Part 2: General Strategic Tips, or The Ideas that Made it to the Top 5

We believe that there are some argumentative basics that need to be foregrounded in debates about the climate crisis. This quick overview sets the stage for the more specific suggestions later in the countermemo.

1) Don't strand the climate issue on an island; instead, build bridges to other issues. Too often, concerned citizens or scientists expect action based solely on the environmental consequences that will result from the climate crisis. But the climate crisis is also an energy, jobs, and democracy issue. An good example of this strategy in action is the work of the Apollo Alliance, a coalition that includes labor, environmental, urban, and business communities working towards energy independence, and has been endorsed by the AFL-CIO and various international labor unions.

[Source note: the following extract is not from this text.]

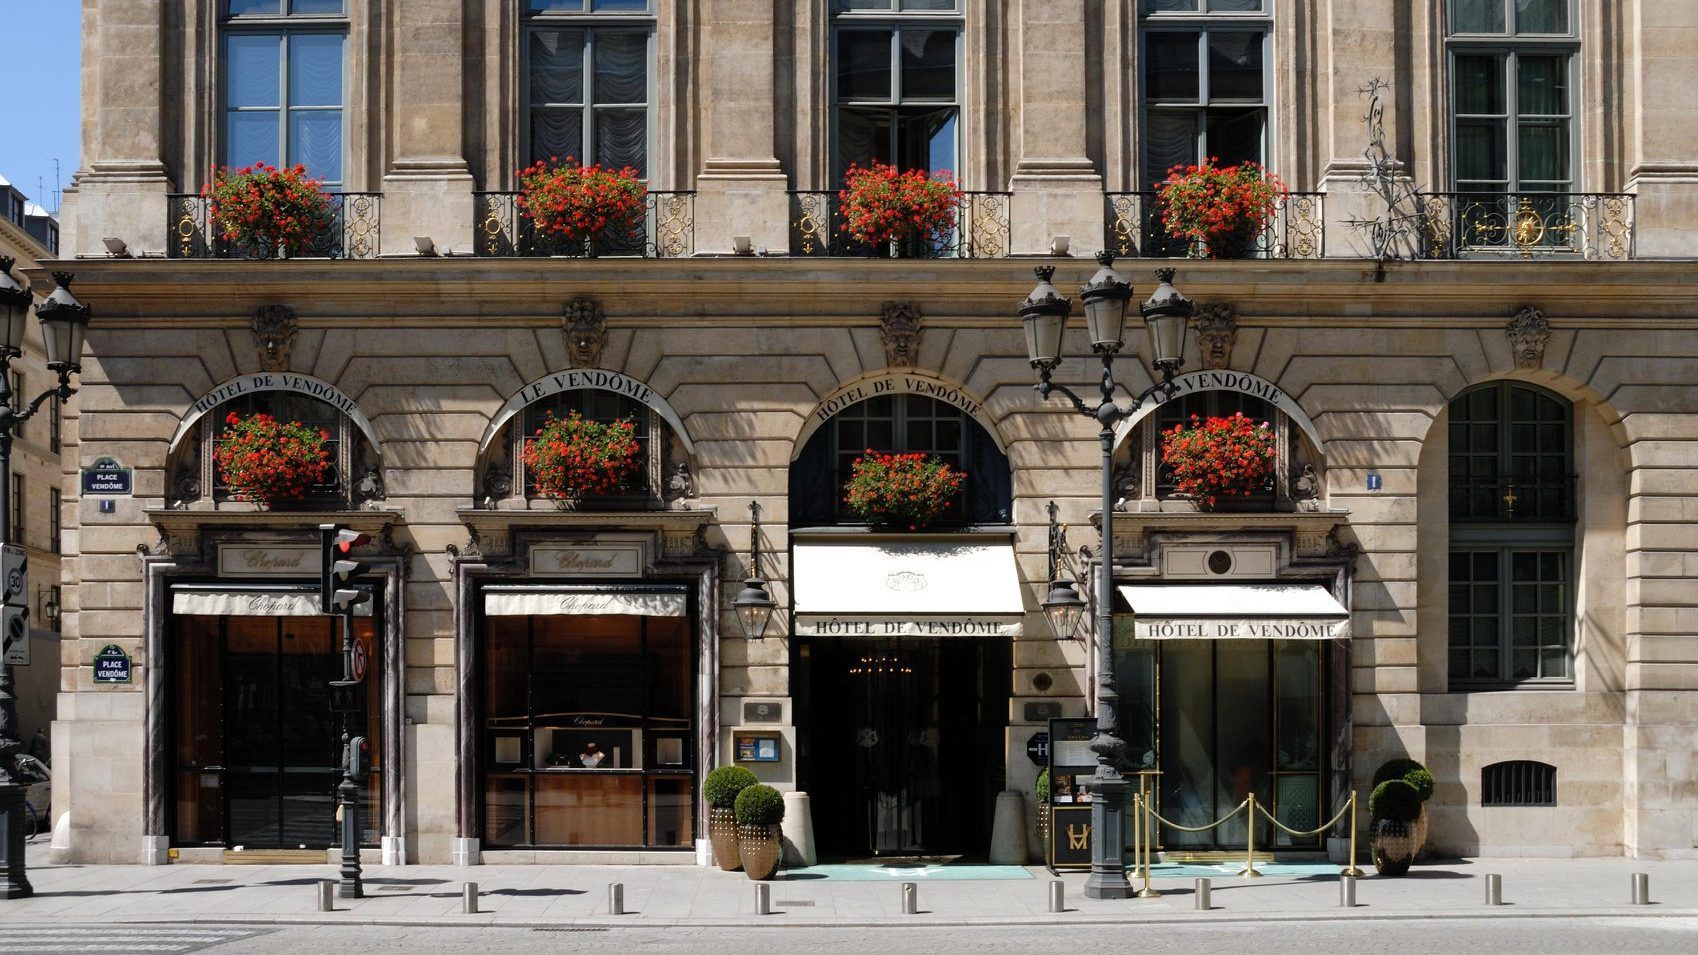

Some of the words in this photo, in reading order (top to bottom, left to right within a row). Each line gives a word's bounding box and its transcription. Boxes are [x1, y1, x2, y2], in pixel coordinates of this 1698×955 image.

2) Give the naysayer's ideas what they're worth: second billing to your own. Put forth your positive message clearly, linking it to core values like public health, responsibility to future generations, or protection of our environmental heritage. Then respond to the skeptics’ claims. Starting with why the skeptics are wrong gives them too much credence and foregrounds their concerns rather than your own.

3) Words, not charts and graphs, will persuade. Part of the problem of recent global warming advocacy has been the reliance on complex scientific argument to the detriment of other types of argument. Stressing the scientific consensus on the side of global warming advocacy is crucial, but emphasizing the weight of the overlapping scientific consensus will ultimately be more persuasive than hyper-specific scientific proof.

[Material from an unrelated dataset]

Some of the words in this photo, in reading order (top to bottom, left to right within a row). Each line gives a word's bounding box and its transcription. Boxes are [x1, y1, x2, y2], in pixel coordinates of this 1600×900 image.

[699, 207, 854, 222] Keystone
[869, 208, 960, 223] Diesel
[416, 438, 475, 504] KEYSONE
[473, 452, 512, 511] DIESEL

4) Take a page from the populist playbook and call out the puppetmasters. Advocates must identify the structural problems in the public debate on climate. Demonstrating how the oil and gas industry and the government have manipulated the debate is a crucial way to cast doubt on the truth of skeptics' claims.

5) The unknown unknowns should motivate us, not the known knowns or known unknowns (thank you, Donald Rumsfeld). Explaining the consequences of severe climate change presents a quandary. On the one hand, scaring people witless might actually induce them to buy sport utility vehicles better prepared to deal with the extreme weather events (this has been the result of The Day After Tomorrow!) On the other hand, underplaying the consequences seems risky as well by failing to convey a sense of urgency. The honest truth is: no one knows exactly what the consequences of pumping out tons of carbon dioxide into the atmosphere is...and that should motivate us to act. The likelihood of extreme weather events, shifts in agricultural belts, and collapses of ecosystems should frighten us precisely because we do not understand the way that these impacts will be felt. We must determine a way to communicate this uncertainty in a way that encourages action.